PDF(Pubmed)
Abstract:
Macrophage Migration Inhibitory Factor (MIF) and its homolog D-dopachrome Tautomerase (DDT) have been implicated as drivers of tumor progression across a variety of cancers. Recent evidence suggests MIF as a therapeutic target in immune checkpoint inhibition (ICI) resistant melanomas, however clinical evidence of MIF and particularly of DDT remain limited. This retrospective study analyzed 97 patients treated at Yale for melanoma between 2002-2020. Bulk-RNA sequencing of patient tumor samples from the Skin Cancer SPORE Biorepository was used to evaluate for differential gene expression of MIF, DDT, CD74, and selected inflammatory markers, and gene expression was correlated with patient survival outcomes. Our findings revealed a strong correlation between MIF and DDT levels, with no statistically significant difference across common melanoma mutations and subtypes. Improved survival was associated with lower MIF and DDT levels and higher CD74:MIF and CD74:DDT levels. High CD74:DDT and CD74:MIF levels were also associated with enrichment of infiltrating inflammatory cell markers. These data suggest DDT as a novel target in immune therapy. Dual MIF and DDT blockade may provide synergistic responses in patients with melanoma, irrespective of common mutations, and may overcome ICI resistance. These markers may also provide prognostic value for further biomarker development.
摘要:
巨噬细胞迁移抑制因子(MIF)及其同系物D-多巴色素互变异构酶(DDT)已被认为是多种癌症中肿瘤进展的驱动因素。最近的证据表明MIF作为免疫检查点抑制(ICI)抵抗黑素瘤的治疗靶标,然而,MIF,特别是DDT的临床证据仍然有限.这项回顾性研究分析了2002-2020年间在耶鲁大学接受治疗的97例黑色素瘤患者。

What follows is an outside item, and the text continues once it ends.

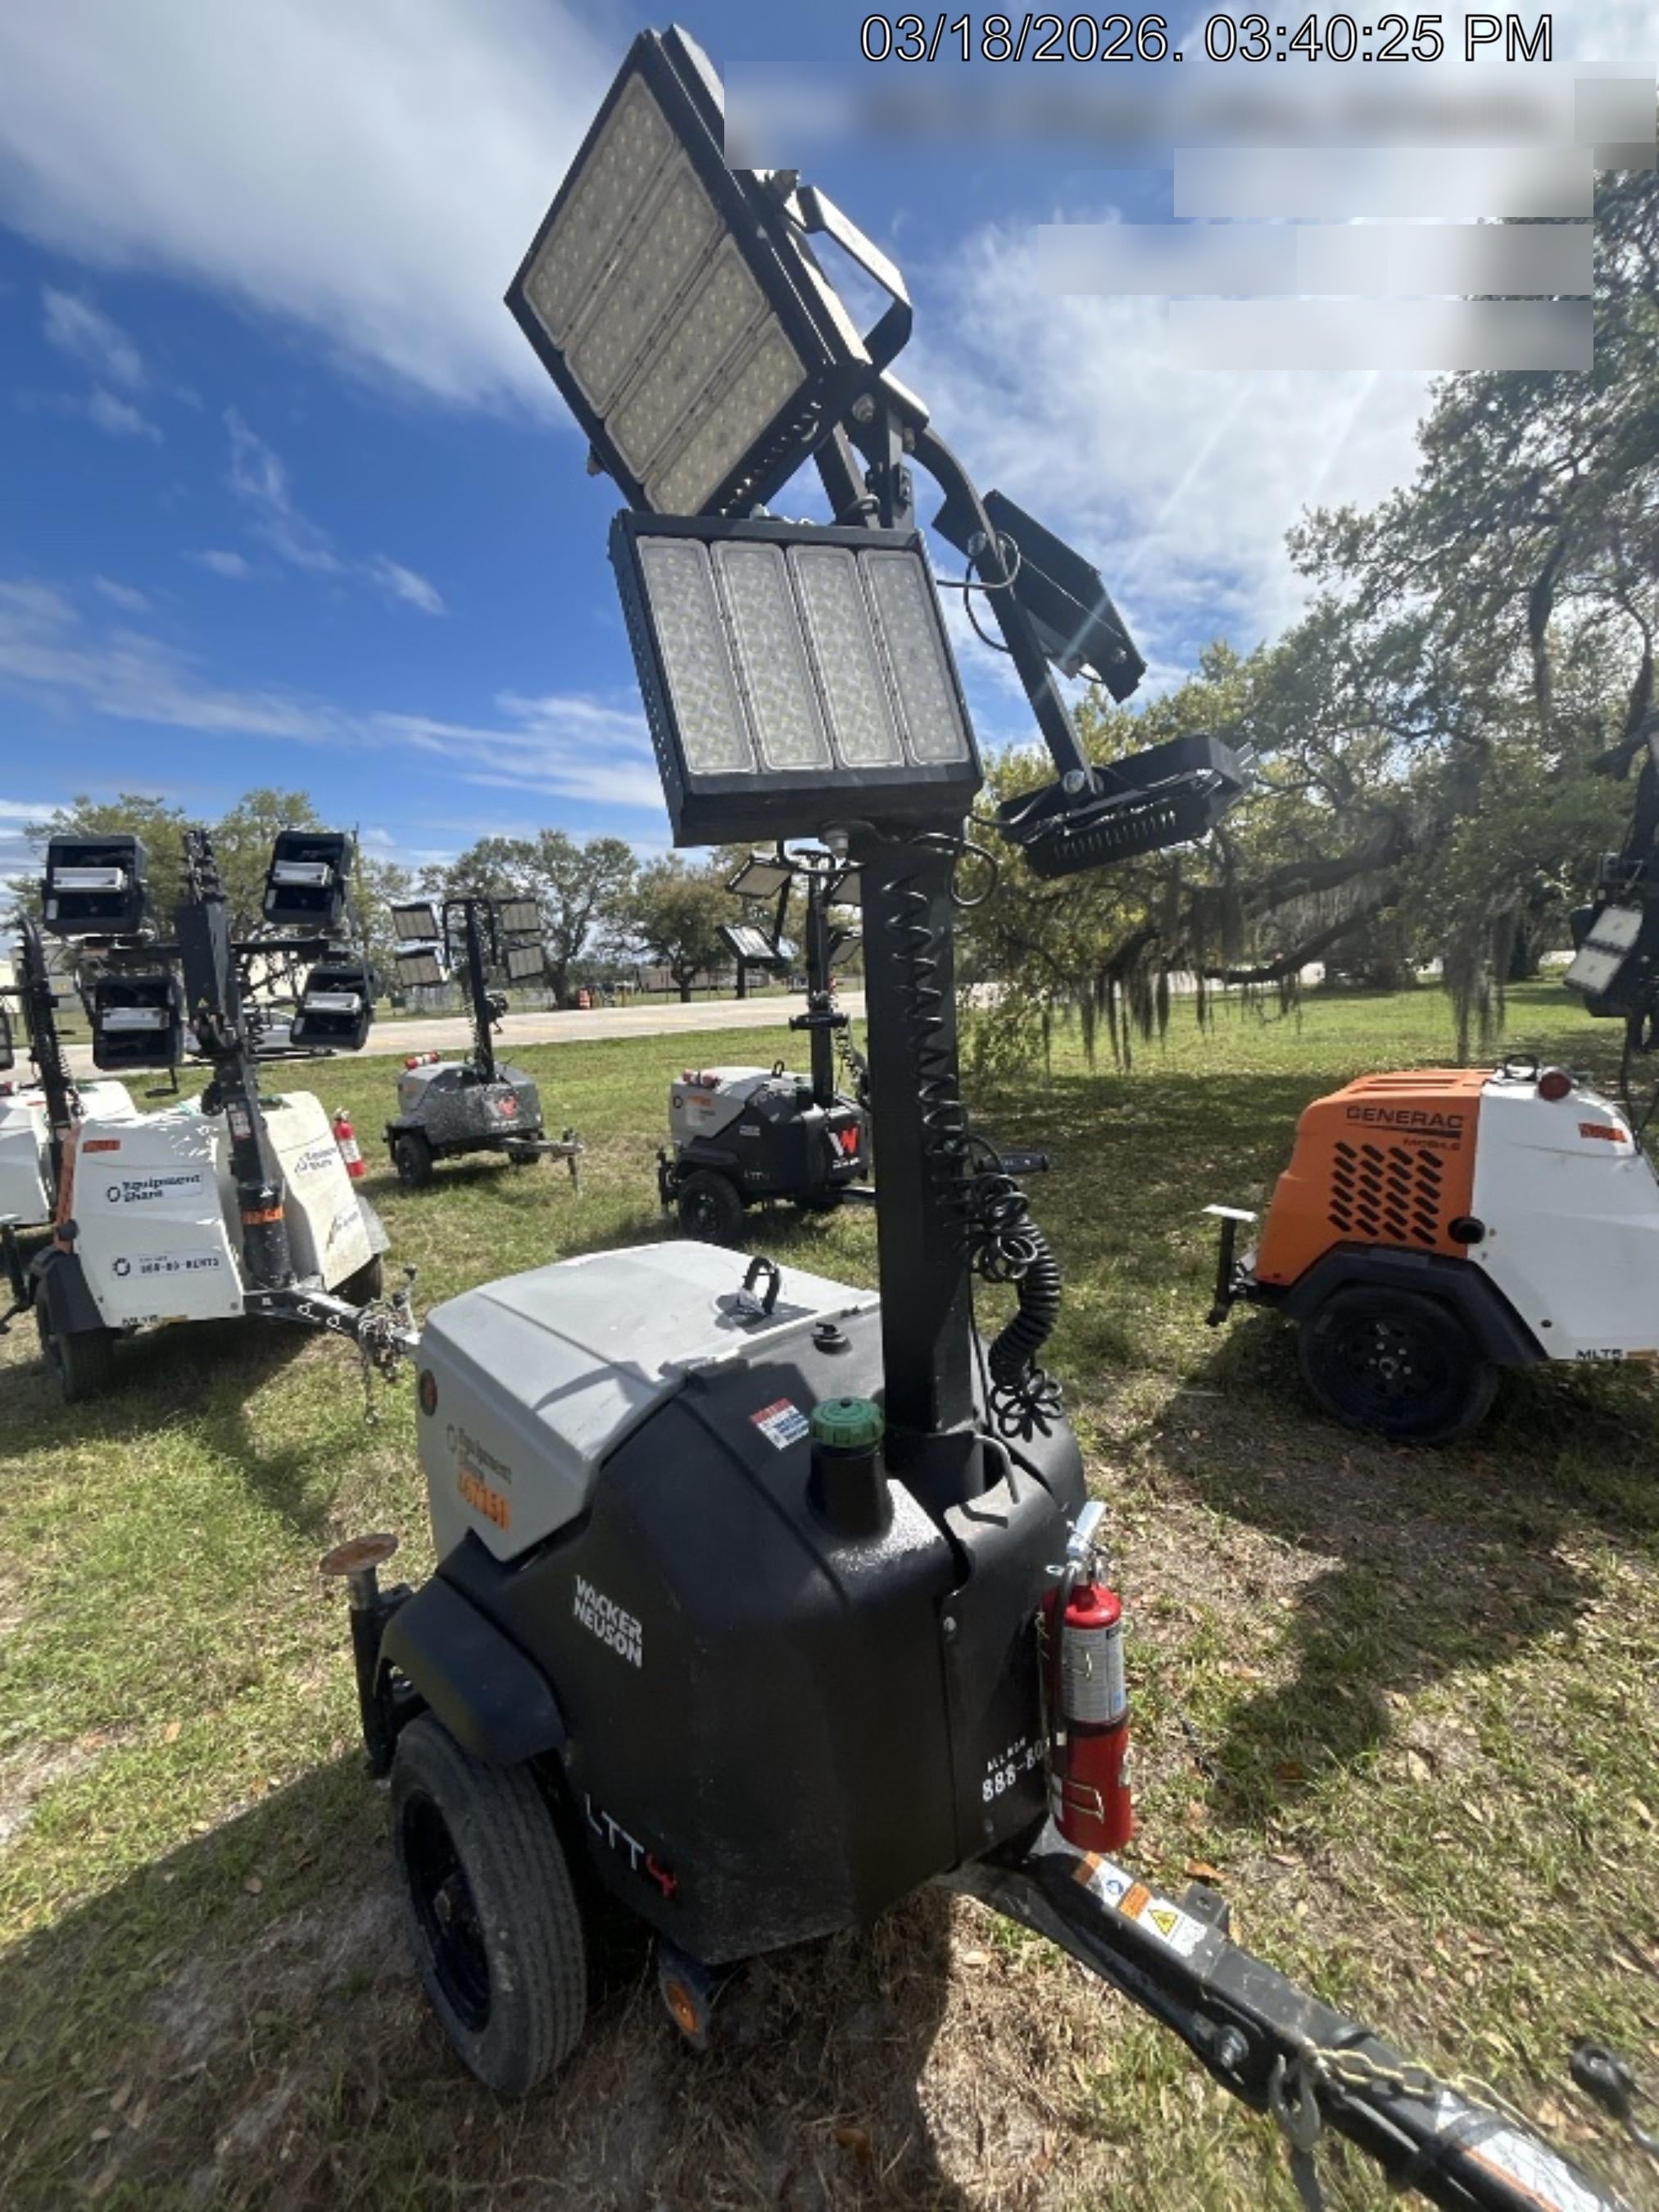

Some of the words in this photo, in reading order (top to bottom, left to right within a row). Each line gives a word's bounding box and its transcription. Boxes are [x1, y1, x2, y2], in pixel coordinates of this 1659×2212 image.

[1346, 1105, 1463, 1129] GENERAC
[573, 1596, 643, 1669] NEUSON
[575, 1574, 643, 1645] WACKER

来自皮肤癌SPORE生物栓剂的患者肿瘤样品的Bulk-RNA测序用于评估MIF的差异基因表达,滴滴涕,CD74和选定的炎症标志物,基因表达与患者生存结局相关。我们的发现揭示了MIF和DDT水平之间的强相关性,在常见的黑色素瘤突变和亚型之间没有统计学上的显着差异。生存率改善与较低的MIF和DDT水平以及较高的CD74:MIF和CD74:DDT水平相关。高CD74:DDT和CD74:MIF水平也与浸润炎性细胞标志物的富集相关。这些数据表明DDT是免疫治疗的新靶点。双重MIF和DDT阻断可能在黑色素瘤患者中提供协同反应,不管常见的突变,并可以克服ICI抵抗。这些标志物还可以为进一步的生物标志物开发提供预后价值。